Jeff Jacoby said the media skews Middle Eastern coverage because even journalists are ignorant of what is really happening.
"There is plenty of room in this conflict, as in any conflict, for misinformation," Jacoby said about bias in Middle East reporting.
Jacoby, a Boston Globe op-ed columnist, listed example after example of what he sees as severe bias in coverage of the Middle East conflict in his speech Tuesday night in the S.I. Newhouse School of Public Communications' Hergenhan Auditorium.
The goal of his speech, titled "Why the Media Gets the Middle East Wrong," was to educate news consumers about the possibility that the news they receive is skewed, he said.
Jacoby read excerpts from two New York Times editorials about the deaths of terrorists. He showed a picture that's caption described an Israeli police officer standing over a beaten Palestinian youth. In reality, the youth was a Jewish boy from Chicago who had just been mugged. He was running to the police officer for protection.
"Nobody in news media questioned the storyline of Israeli brutality and a Palestinian victim," Jacoby said.
Jacoby said one factor that contributes to this bias is ignorance. A good journalist is expected to be able to cover a story with no prior knowledge of the situation, Jacoby said. Too often, these inexperienced reporters "get bamboozled."
"If they go in with ignorance, very often they will get the story wrong," he said.
An over-emphasis on Israel in the news is another factor in coverage bias, he said. Many reporters are based in Jerusalem because Israel defends the right to a free press. Thus, more investigative stories about Israel are produced because there is no fear of the government harming reporters.
"Where journalists are concentrated, coverage tends to be negative," he said.
Along those lines, fear also contributes to biases in the news, he said. Jacoby cited the example of CNN admitting it knew horror stories about Saddam Hussein, but did not air them until after he was removed from power because of fear.
Jacoby said the media tends to attract people from more politically liberal backgrounds. He defends his colleagues in the media as professionals who do not intend to skew stories, but he sees room for improvement.

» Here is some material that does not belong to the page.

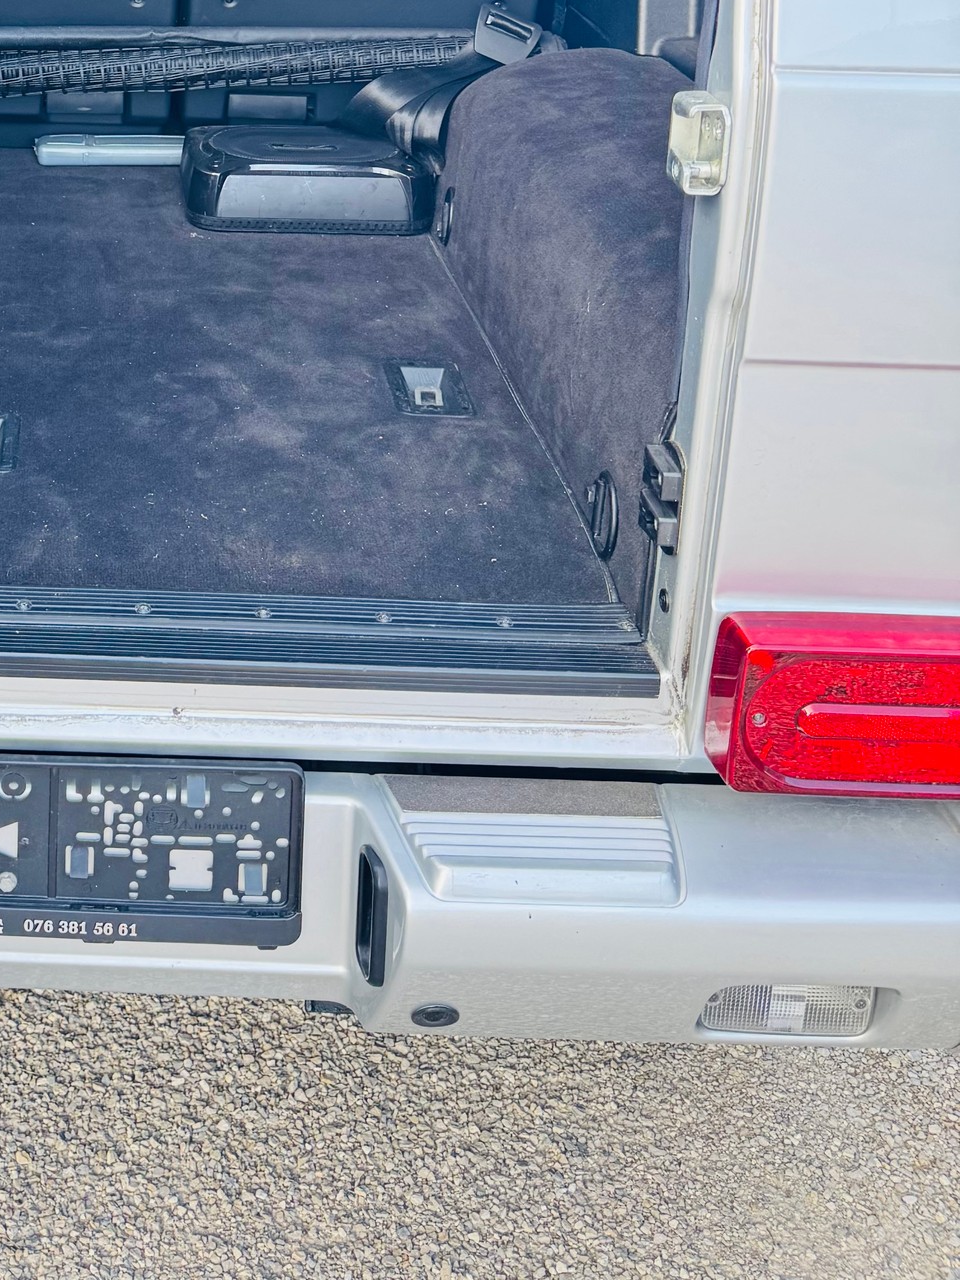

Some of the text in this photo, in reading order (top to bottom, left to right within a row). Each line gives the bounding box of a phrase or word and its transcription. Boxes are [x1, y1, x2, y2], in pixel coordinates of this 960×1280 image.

"It's a problem when a newsroom is staffed by people who share the same political ideology," Jacoby said. "The left has taken a decided line on the Middle East with Israel as the villain and Palestine as the victim."
Jacoby did offer a solution to this problem. He said reporting would be more fair if journalists recognized the root of the conflict, which he said is the failure of other Middle Eastern countries to accept a Jewish state.
Following his speech was a heated question-and-answer session regarding his views. Haifa Jedea, a sophomore broadcast journalism major, was angered that Jacoby seemed to be biased himself.
"It sounded like pro-Israel propaganda," Jedea said. "I thought it would be more neutral, not just about Israel."
Jedea said she wants to study journalism because she also sees Middle Eastern reporting as problematic. But instead of elaborating on the region as a whole, she saw Jacoby's speech as too skewed toward Israel.
But some audience members were in agreement with Jacoby. Kelsie Bouchard, a freshman public relations major, said his speech was interesting and thought-provoking.
"I thought his points about photographs and 'fauxtographs' were the most interesting," Bouchard said. "I'm going to go look it up when I get home."